La signification de la feuille est la feuille, comme j’ai entendu un jour Roger Scruton le dire. Peut-être s’agissait-il d’une invention originale du Sage de Sundey Hill Farm, mais cela a le léger goût d’un koan zen : un dicton apparemment insondable qui peut néanmoins aider l’auditeur à atteindre l’illumination. Scruton l’entendait comme un rappel de l’importance de se concentrer sur l’objet ou l’expérience particulière à laquelle vous êtes confronté à un moment donné.
J’avais cet aphorisme en tête tout au long de Living in Wonder de Rod Dreher, un plaidoyer pour un mode de vie plus spirituellement conscient, et contre le matérialisme réussi mais finalement incomplet qui domine le monde moderne. Le mot clé que Dreher utilise ici est « enchantement ». Par là, il entend préparer votre esprit à voir au-delà des choses quotidiennes présentées à nos yeux et à nos oreilles, et à percevoir ce que les chrétiens considéreraient comme la réalité sous-jacente de l’existence : la grâce et la bonté de Dieu, et l’unité de la création.
Dreher est un chrétien orthodoxe dévot et observant. Cela lui donne naturellement une certaine appréciation de pourquoi la vie moderne peut sembler si désenchantée. Dans son récit, l’articulation du quotidien et du transcendant, si commune dans l’imaginaire médiéval élevé, a subi des coups successifs. Le premier est venu du nominalisme : la position philosophique qui niait l’existence d’une unité métaphysique sous-jacente derrière le monde physique.
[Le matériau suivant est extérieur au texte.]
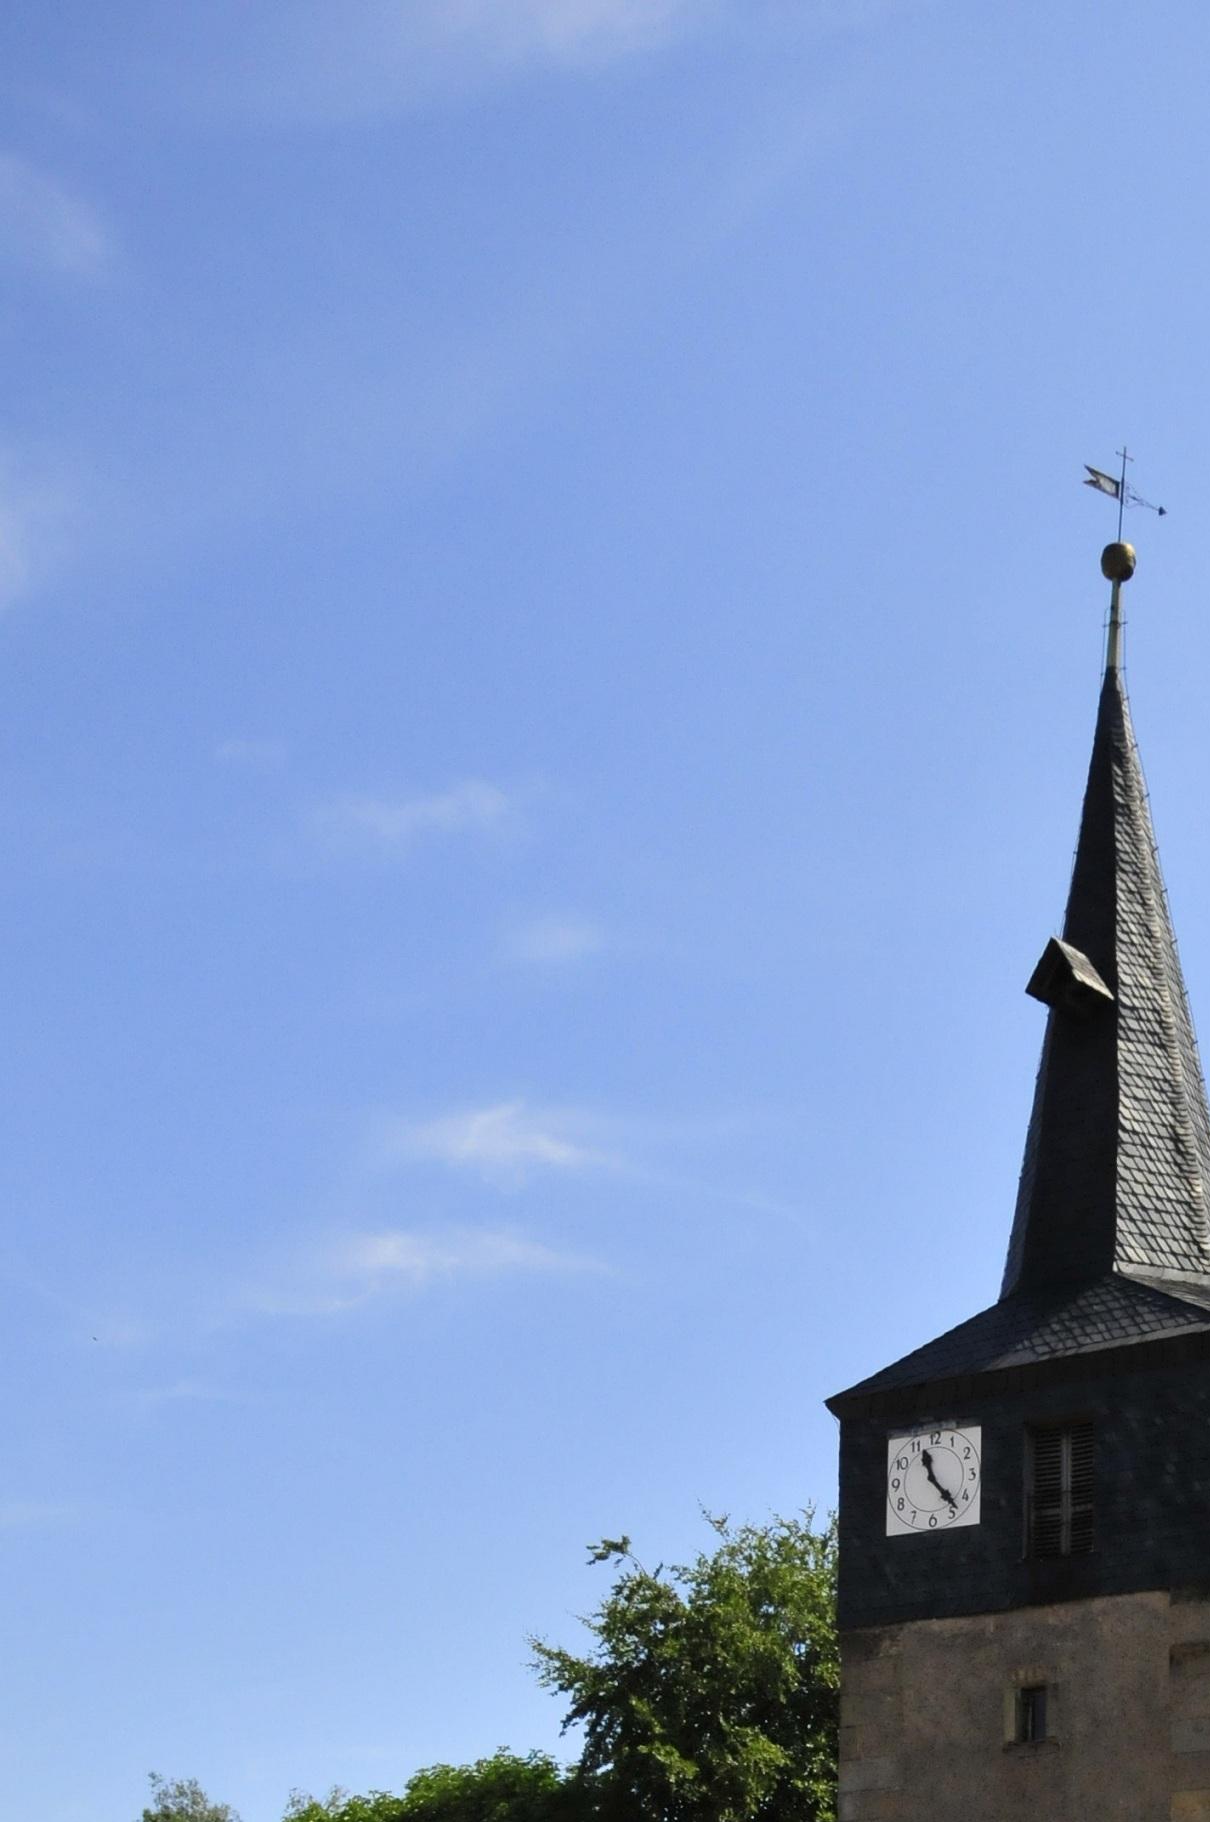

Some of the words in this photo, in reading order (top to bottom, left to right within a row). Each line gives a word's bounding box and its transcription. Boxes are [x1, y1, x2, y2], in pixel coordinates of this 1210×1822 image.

[930, 1431, 941, 1445] 12
[911, 1441, 920, 1453] 11
[963, 1446, 971, 1460] 2
[896, 1457, 909, 1471] 10
[968, 1468, 976, 1481] 3
[891, 1478, 900, 1492] 9
[962, 1488, 969, 1501] 4
[897, 1497, 905, 1511] 8
[910, 1510, 917, 1524] 7
[948, 1505, 956, 1519] 5
[928, 1513, 937, 1528] 6
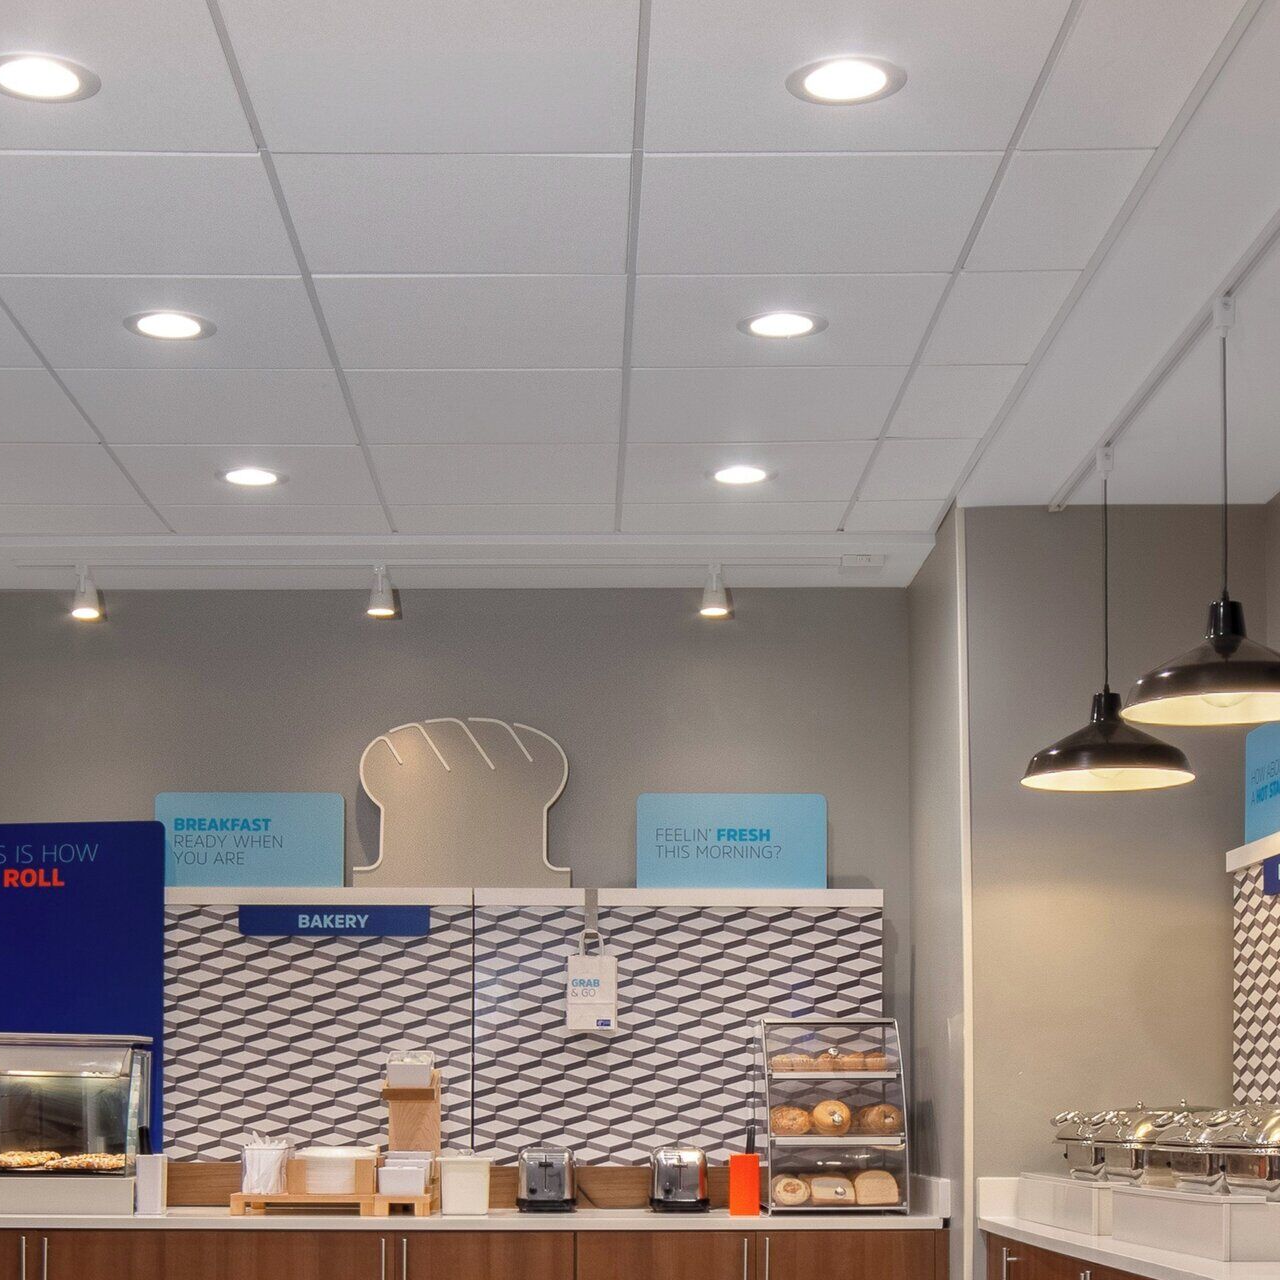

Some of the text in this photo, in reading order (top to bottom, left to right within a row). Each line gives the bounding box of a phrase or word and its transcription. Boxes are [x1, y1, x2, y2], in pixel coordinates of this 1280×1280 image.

[174, 818, 272, 831] BREAKFAST
[174, 834, 284, 848] READY WHEN
[716, 828, 771, 842] FRESH
[15, 844, 34, 864] IS
[42, 843, 99, 863] HOW
[173, 851, 246, 865] YOU ARE
[655, 845, 783, 861] THIS MORNING?
[3, 868, 66, 888] ROLL
[297, 914, 369, 930] BAKERY
[571, 978, 600, 988] GRAB
[570, 988, 596, 998] & GO
Puis est venue la Réforme, les Lumières, et la révolution scientifique des derniers siècles.
C’est une histoire familière, bien que le fil de pensée de Dreher fasse des arrêts inattendus. Sa discussion sur la signification spirituelle potentiellement sinistre des OVNIs et de l’IA — citant de nombreuses personnes raisonnables ouvertes à l’idée que de tels phénomènes pourraient représenter un vecteur pour des entités immatérielles malveillantes — est à la fois fascinante et troublante. C’est d’autant plus vrai pour ceux qui croient, ou croient à moitié, en un monde au-delà de notre expérience quotidienne.
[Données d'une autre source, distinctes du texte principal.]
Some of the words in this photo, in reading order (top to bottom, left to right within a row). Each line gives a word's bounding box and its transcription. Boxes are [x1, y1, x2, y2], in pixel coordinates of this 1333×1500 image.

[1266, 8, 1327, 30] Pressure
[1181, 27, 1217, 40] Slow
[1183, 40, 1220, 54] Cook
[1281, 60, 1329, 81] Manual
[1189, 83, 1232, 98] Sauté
Les non-croyants lèveront sûrement un sourcil ici, tout comme pourraient le faire des croyants fièrement rationalistes. Pourtant, le livre de Dreher contient de nombreux exemples de personnes qui ne sont pas religieuses mais néanmoins suspicieuses du matérialisme dogmatique. Un bon exemple ici est le philosophe Thomas Nagel. Quoi qu’il en soit, les sceptiques ne devraient pas laisser leur malaise face à ce que Dreher lui-même appelle « woo » les aveugler à un problème central de la modernité : la crise de l’attention. Les meilleures parties de Living in Wonder traitent directement de cette question, et même les doutes peuvent en tirer beaucoup en la prenant au sérieux.
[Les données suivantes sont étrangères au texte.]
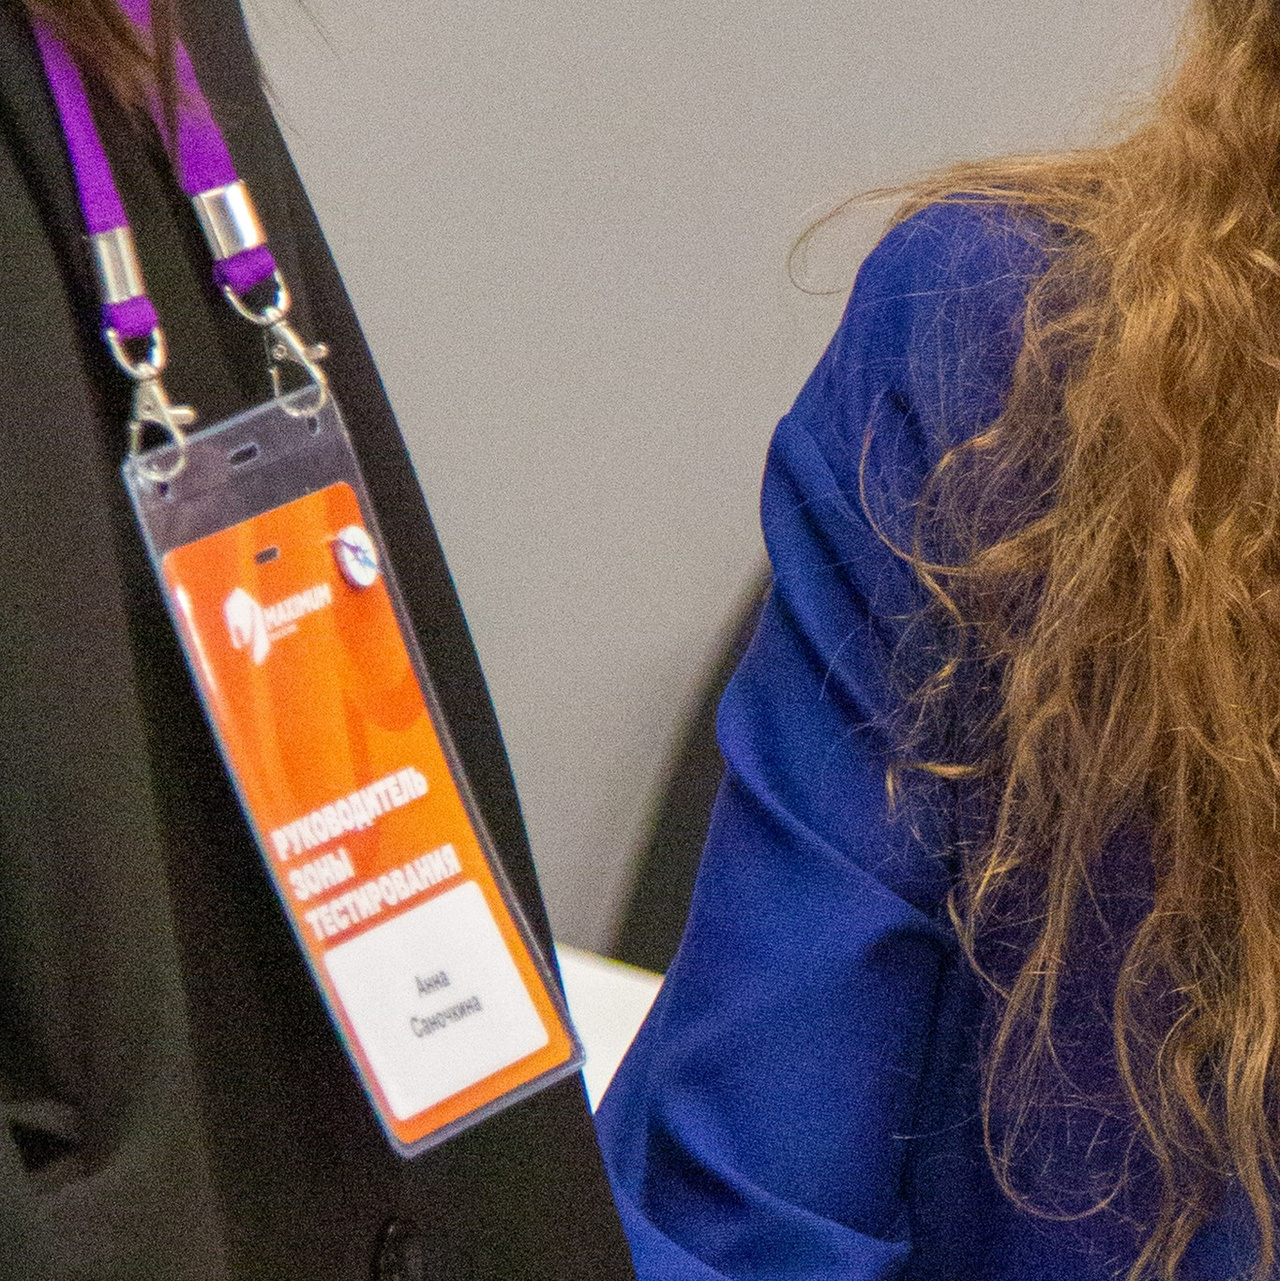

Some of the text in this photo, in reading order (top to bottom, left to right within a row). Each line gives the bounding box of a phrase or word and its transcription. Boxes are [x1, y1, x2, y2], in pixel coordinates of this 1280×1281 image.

[263, 582, 332, 630] MAXIMUM
[271, 766, 429, 862] РУКОВОДИТЕЛЬ
[288, 847, 355, 901] ЗОНЫ
[304, 842, 463, 941] ТЕСТИРОВАНИЯ
Le défi posé par les médias visuels à notre capacité collective de pensée sérieuse s’est vraisemblablement intensifié depuis que la télévision est devenue répandue dans la seconde moitié du siècle dernier. Cela s’est intensifié avec l’essor des jeux vidéo, et est devenu irrésistible avec la diffusion de l’accès à Internet mobile. Qui peut honnêtement dire que les médias sociaux et les smartphones n’ont pas affecté notre capacité à nous concentrer et à focaliser nos énergies intellectuelles ? Certainement pas les scientifiques, avec des universitaires comme Jonathan Haidt faisant un solide argument selon lequel les smartphones sont l’un des principaux coupables de l’augmentation des troubles anxieux chez les enfants et les jeunes.